3. Olağanüstü kişiler, varlıklar ve güçleri konu alan efsaneler. 

4. Dini efsaneler. 

Türk efsanelerinde kahramanlık, fedakarlık, cesaret, ahlaki davranışlar, sosyal düzene bağlılık, Ahlah’ın kudretine iman, doğruluk, cömertlik, samimiyet gibi konular yer alır. Genç Osman, Boş Beşik, Çakıcı EFe, Çoban Çeşmesi, Gelin Kaya, Cennet Dağı, Kan Kuyusu, Yusufçuk Kuşu gibi efsaneler halk arasında söylenegelmektedir. 

 

 

EFSANE-2

  • Yıllarca, gerçekten olmuş gibi kuşaktan kuşağa aktarılan öykülere efsane denir.
  • Efsanede anlatılan olaylar bazen hayali olabilir. Ama efsaneler çoğunlukla gerçek olaylara ve gerçekten yaşamış kişilere dayanır.
  • Bu öykülerin çoğu kahramanca işler yapmış kişilerle ilgilidir.
  • Eski Yunanlı şair Homeros İlyada ve Odysseia adlı destanlarında krallara ve kahramanlara ilişkin efsanelerden yararlanmıştır.
  • Kral Arthur ve şövalyeleriyle ilgili birçok öykünün kaynağı efsanelerdir.
  • Gerçek bir kişinin yaşamına dayanan Köroğlu adlı halk öyküsü(destanı) de çeşitli efsanelerle karışmıştır. Efsaneler bir bölge ya da halkın kültüründe önemli yer tutar. Mitolojiyle de yakından ilişkilidir.

EFSANE ÖRNEKLERİ

DİPSİZ GÖL(Efsane Örneği)

Karabük Konarı gölleri ile anlatılmak istenen göller 3 tanedir. Bunlardan Büyük Göl; Mavi Göl veya Dipsiz Göl olarak da tanınmaktadır. Bu göle ait bir efsane anlatılmaktadır. Bu efsane şöyledir:

Vaktiyle bu bölgede beyler yaşardı. Bey oğulları, bey kızları vardı. Kimi ata biner, kimi oyalı yazması, kınalı elleri ile koyun otlatır, sürüsünü güderdi.
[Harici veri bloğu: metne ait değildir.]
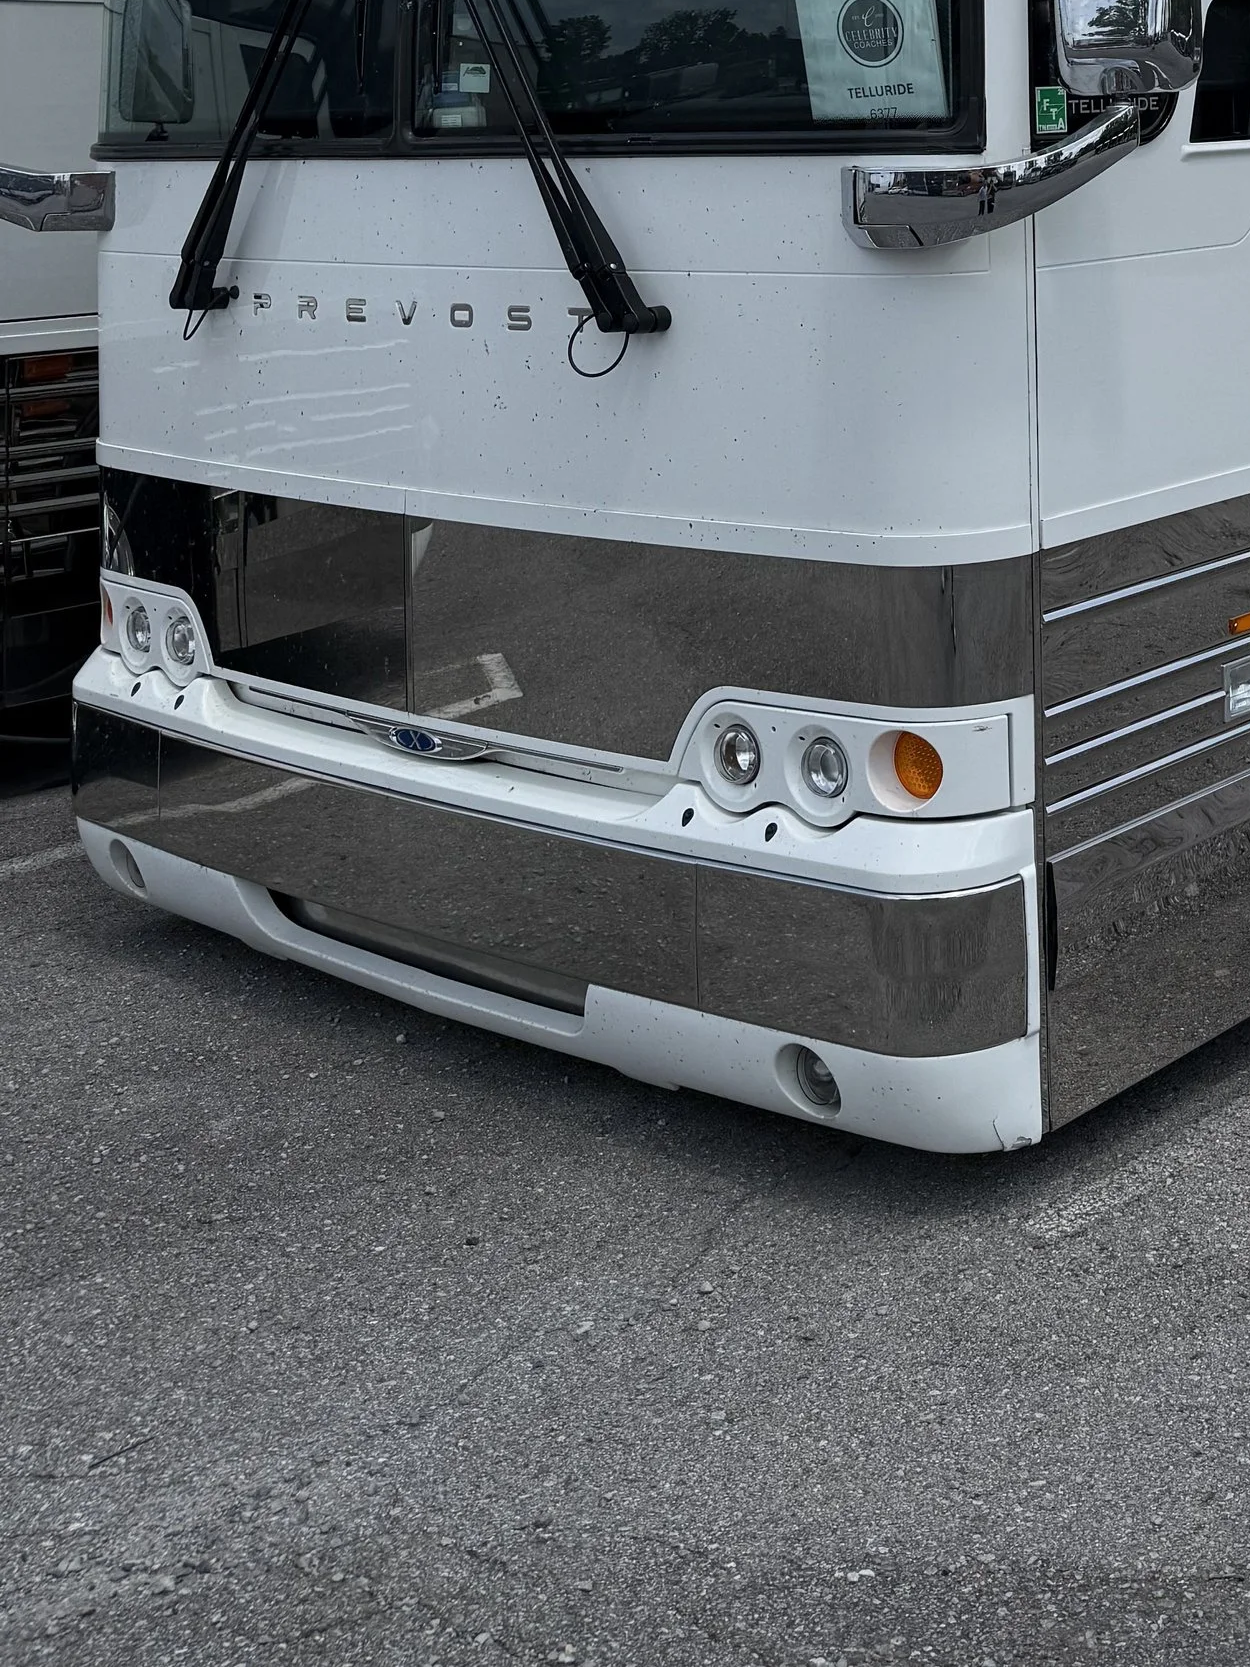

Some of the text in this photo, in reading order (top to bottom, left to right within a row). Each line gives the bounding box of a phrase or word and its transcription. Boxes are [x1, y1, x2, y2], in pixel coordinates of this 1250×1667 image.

İşte bu beylerden Yörük Beyi’nin oğlu, Konarı Beyi’nin kızına sevdalandı. Buluşma yeri olarak Büyük gölün olduğu yer seçilmiştir. Vurgundula, sevdalıydılar. Duygularım, sevdalarını büyüklerine anlattılar. Bey, oğlunun derdine çare arandı. Aracılar kondu. Bey kızı istendi. Bey, "Kızımı vermem de vermem!” diye tutturdu. Yürüklerde adettir: “Yabana kız verilmez, yabandan kız alınmaz. ” Konarı Beyi dedi ki: " Göçerlere kız vermem, alıp kızımı gider, komaz bir daha yanımda.
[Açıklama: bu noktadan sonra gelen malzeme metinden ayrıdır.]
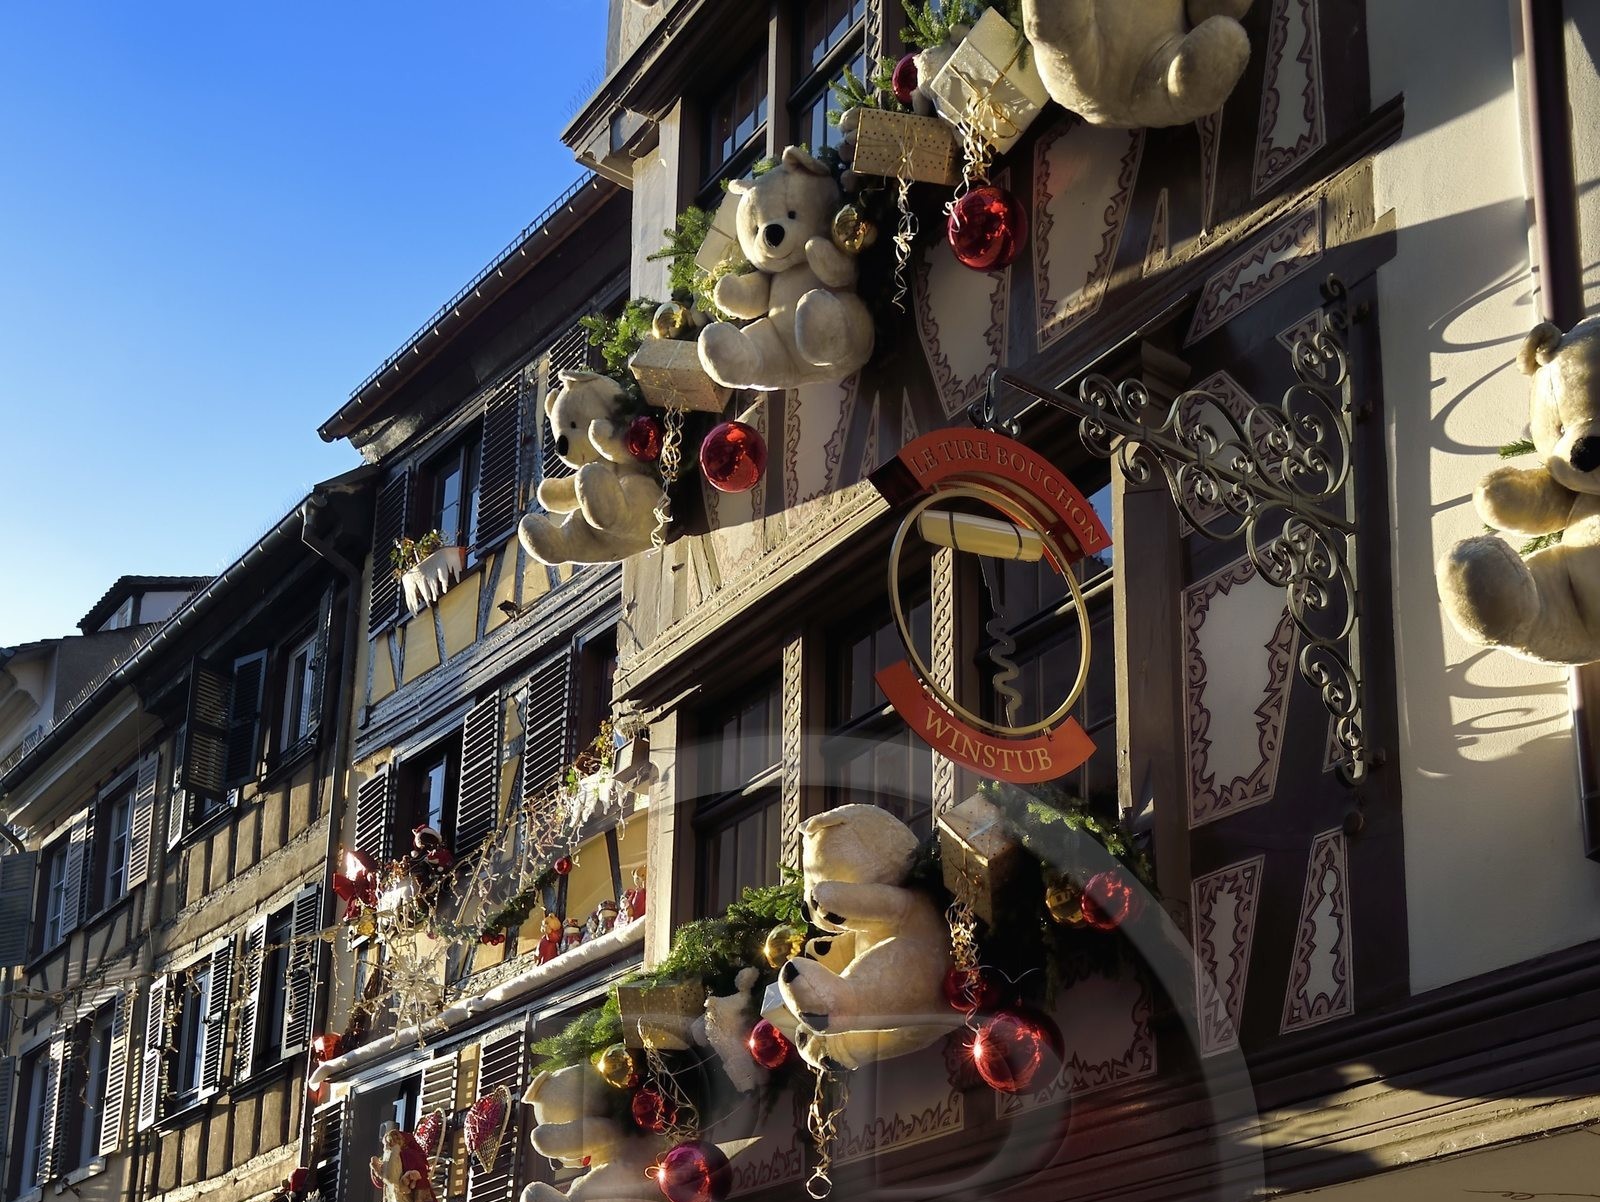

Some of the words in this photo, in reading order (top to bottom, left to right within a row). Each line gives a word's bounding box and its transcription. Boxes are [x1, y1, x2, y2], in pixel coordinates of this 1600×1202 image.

[910, 445, 938, 477] LE
[937, 439, 991, 462] TIRE
[996, 450, 1102, 546] BOUCHON
[923, 706, 1053, 774] WINSTUB
Âşıklar yalvardı, yaşlılar yalvardı. Ne hatır kar etti ne de başka bir şey. Göçme vakti gelmiş, göç kalkacak, beyin oğlunun göçerin başında olması gerek. Bakarlar ki beyin oğlu yok, yağız at huysuzlanır. Göç kervanından bazıları ayrılarak aramaya çıkarlar bey oğlunu. Bu arada beyin kızının da olmadığı anlaşılır. Aramaya çıkar iki taraf da... Tek, bir çoban bilir âşıkların yerini, o söyler beylere, ola ki buluşma yer indedirler. Göl de o zamanlar bugünkü gibi değil. İki ayrı kaynak çıkar, biri sıcak biri soğuk...

Gelirler gölün başına, görürler al yazmayı, anlarlar iki âşıklar canlarına kıymıştır. Suyun içine atmışlardır kendilerini. İki taraf da dolanarak suyun çevresinde gözyaşı dökerler. Gözyaşları göl olur.
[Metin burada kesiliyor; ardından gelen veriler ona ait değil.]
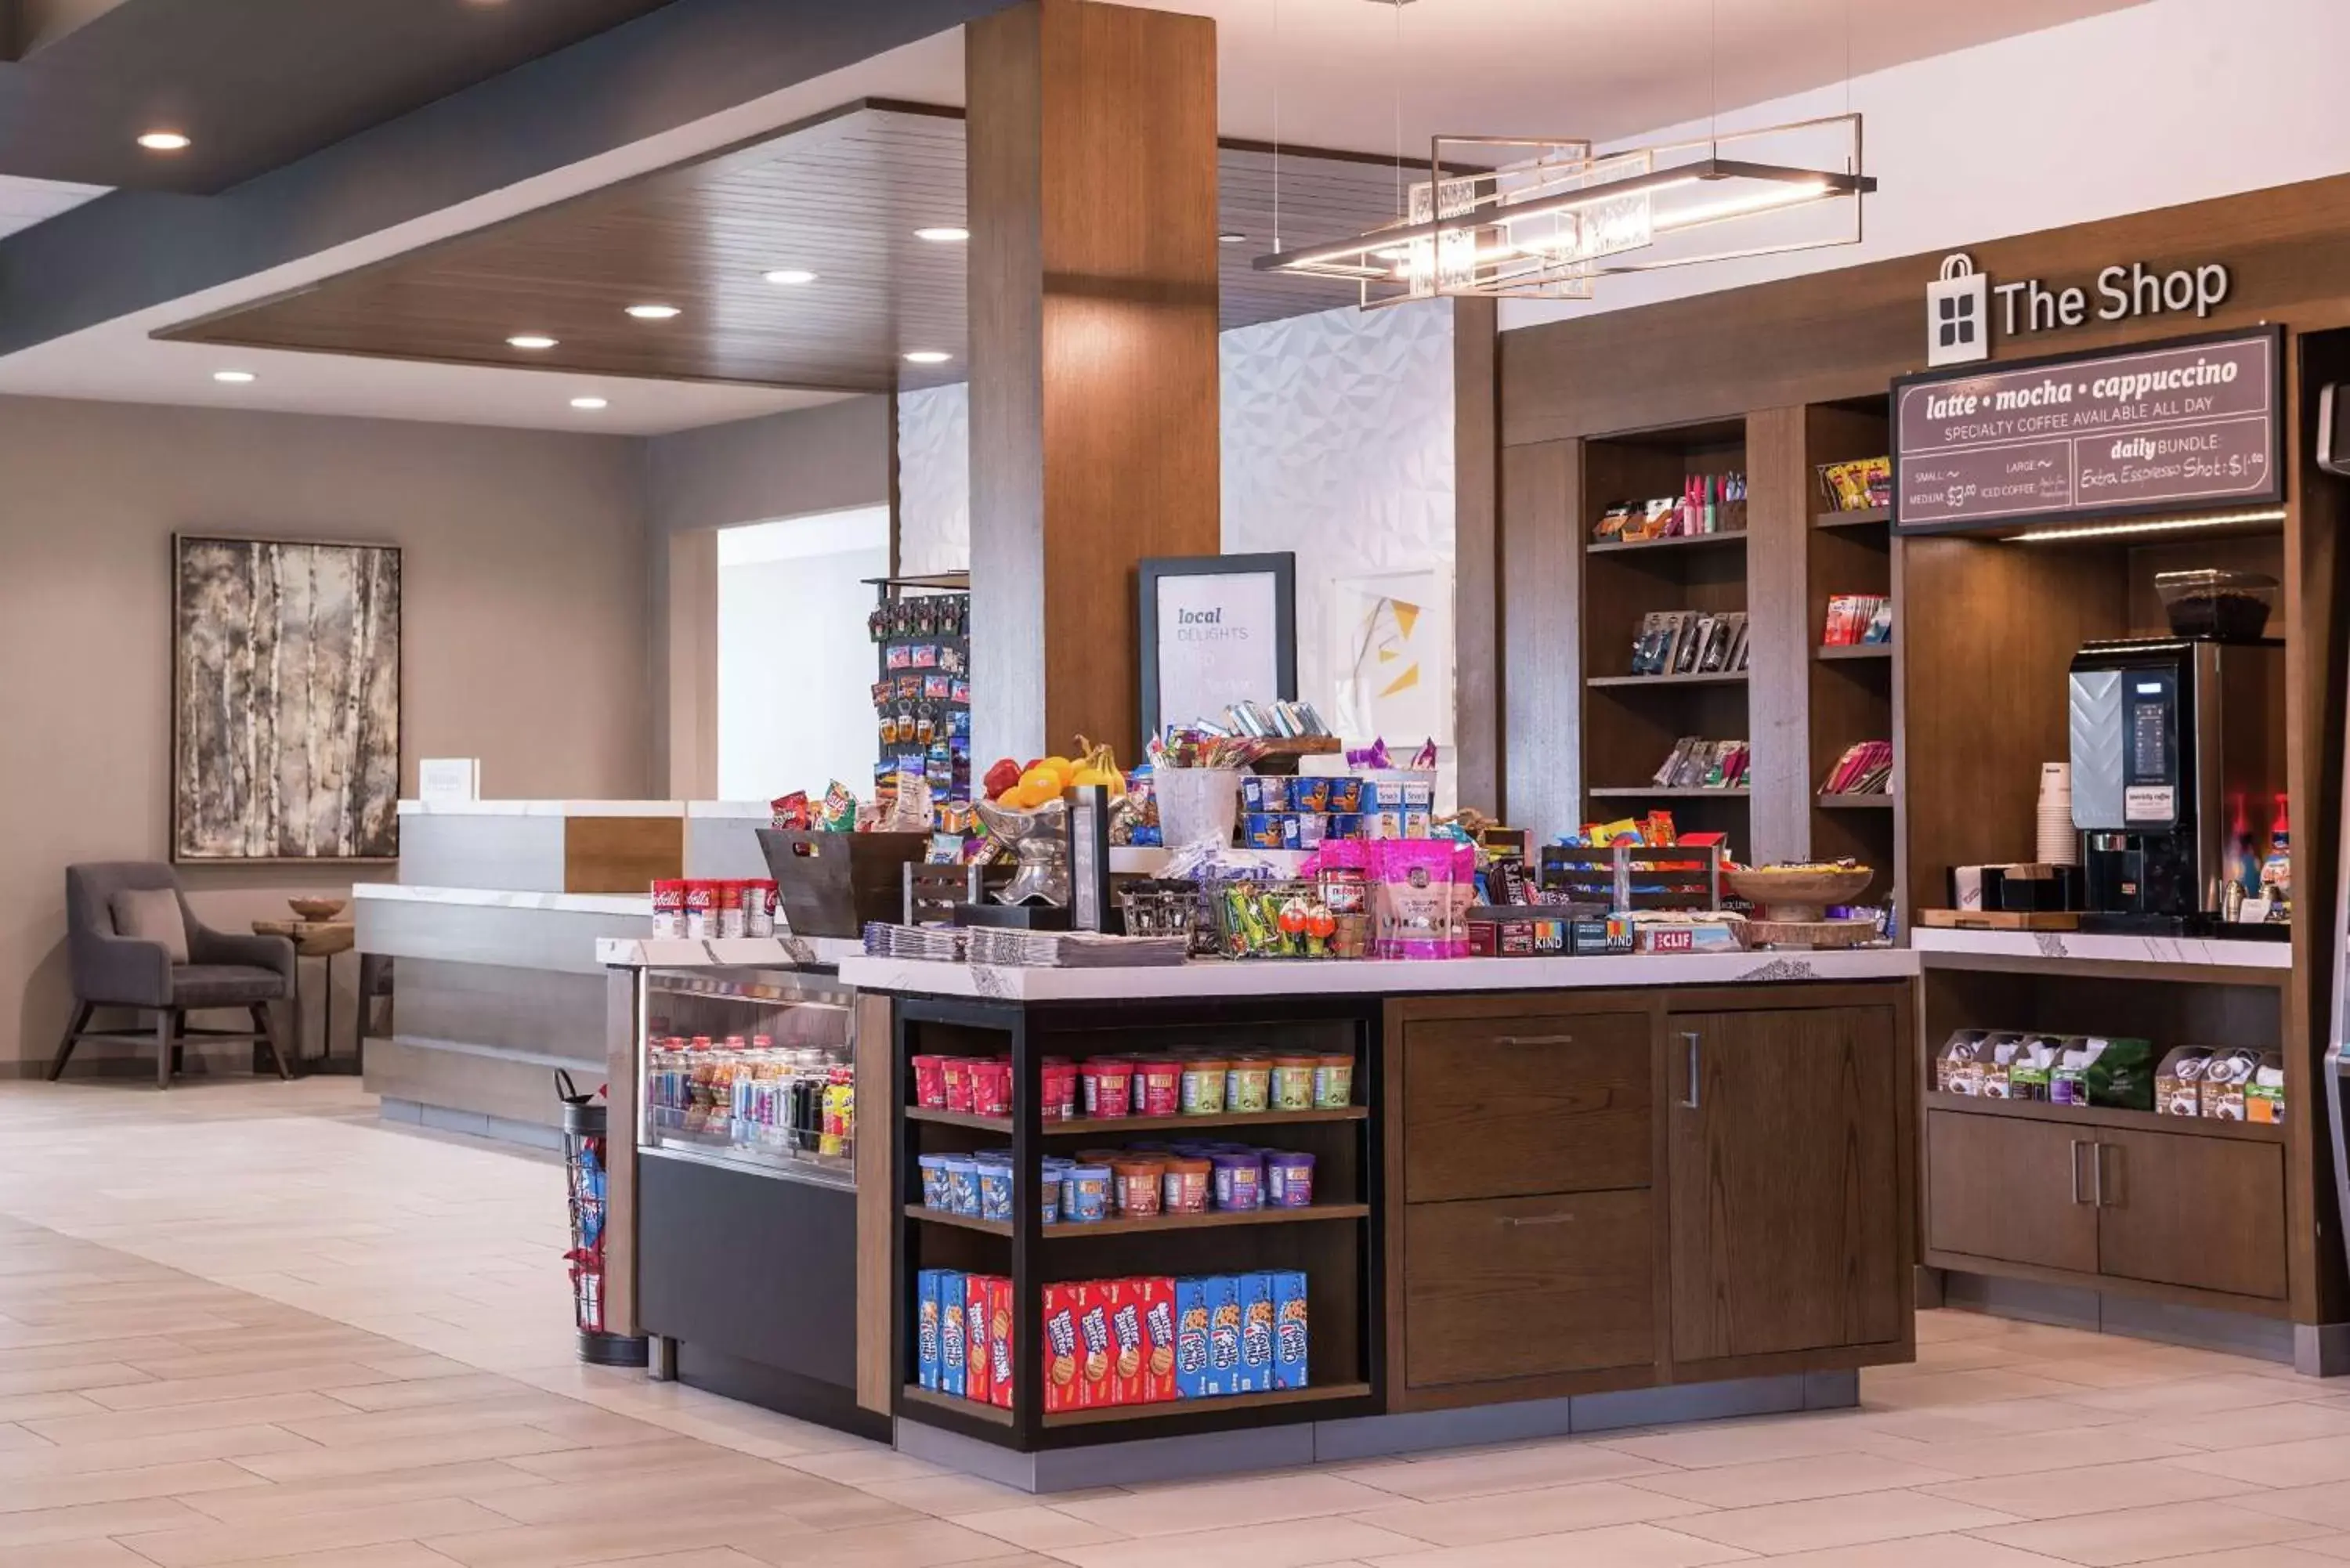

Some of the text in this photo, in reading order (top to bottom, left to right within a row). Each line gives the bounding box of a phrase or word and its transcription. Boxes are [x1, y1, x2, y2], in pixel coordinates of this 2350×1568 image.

[1994, 262, 2228, 334] The Shop
[1926, 357, 2238, 421] latte mocha cappuccino
[1944, 396, 2215, 442] SPECIALTY COFFEE AVAILABLE ALL DAY
[2110, 438, 2156, 461] daily
[2081, 468, 2118, 488] Extra
[1177, 627, 1250, 641] DELIGHTS
[1178, 607, 1221, 624] local
[1535, 936, 1563, 949] KIND
[1607, 934, 1633, 948] KIND
[1663, 933, 1690, 948] CLIF
[1049, 1317, 1068, 1357] Butter
[1058, 1310, 1075, 1353] Nutter
[1082, 1316, 1101, 1354] Butter
[1090, 1306, 1108, 1348] Nutter
[1114, 1312, 1133, 1351] Butter
[1123, 1304, 1140, 1346] Nutter
[1148, 1310, 1166, 1348] Butter
[1156, 1302, 1173, 1342] Nutter
Çırpınarak iki ördek kalkar gölden. Biri yeşilbaş, biri beyaz ve kanat çırparak uzaklaşırlar ağlayanların Bakışları arasında. Göç kervanındakiler görür kervanın önünde uçan iki ördeği, sanki yol göstermektedirler onlara bizi takip edin dercesine...

İki sevdalı, iki ördek olup uçtu. O günden sonra her göç mevsiminde iki ördek peydalı olur bu gölde. Nazlı salınımları ile dolanır, dolanır yüzer, sevdalarını söylerler kendi dillerince. Uçarlar birlikte aynı yöne kayıp giden göç kervanına yol gösterircesine...

 

SÜZAN (SUZİ) VE KIRKLARDAĞI

Diyarbakır'ın güneybatısında, Dicle Nehri kenarında, Kırk!ardağı vardır. Bu Kırklardağı'nın arkasında Kırklar Ziyareti vardır. Çocuğu olmayanlar, buraya gelip dilek dilerler. Bir Süryani zengin ailenin de hiç çocukları olmuyormuş. Kadın, Kırklar Ziyareti'ne gelip dilek dilemiş, adak adamış. Bir kızı doğmuş. Adını Suzi (Suzan) koymuşlar. Her yıl doğum gününde, annesi onu süsler, giydirir ve Kırklar'a götürerek bir kurban kestirirmiş.

Suzan böylesine bin nazlarla büyüyüp güzel bir genç kız olmuş. Müslüman komşularının oğlu Adil'le, birbirlerine âşık olmuşlar. Yine bir doğum yıl dönümünde, annesi Suzi'yi, hizmetçilerle beraber kurbanını kesmek üzere, Kırklar Ziyareti'ne göndermiş.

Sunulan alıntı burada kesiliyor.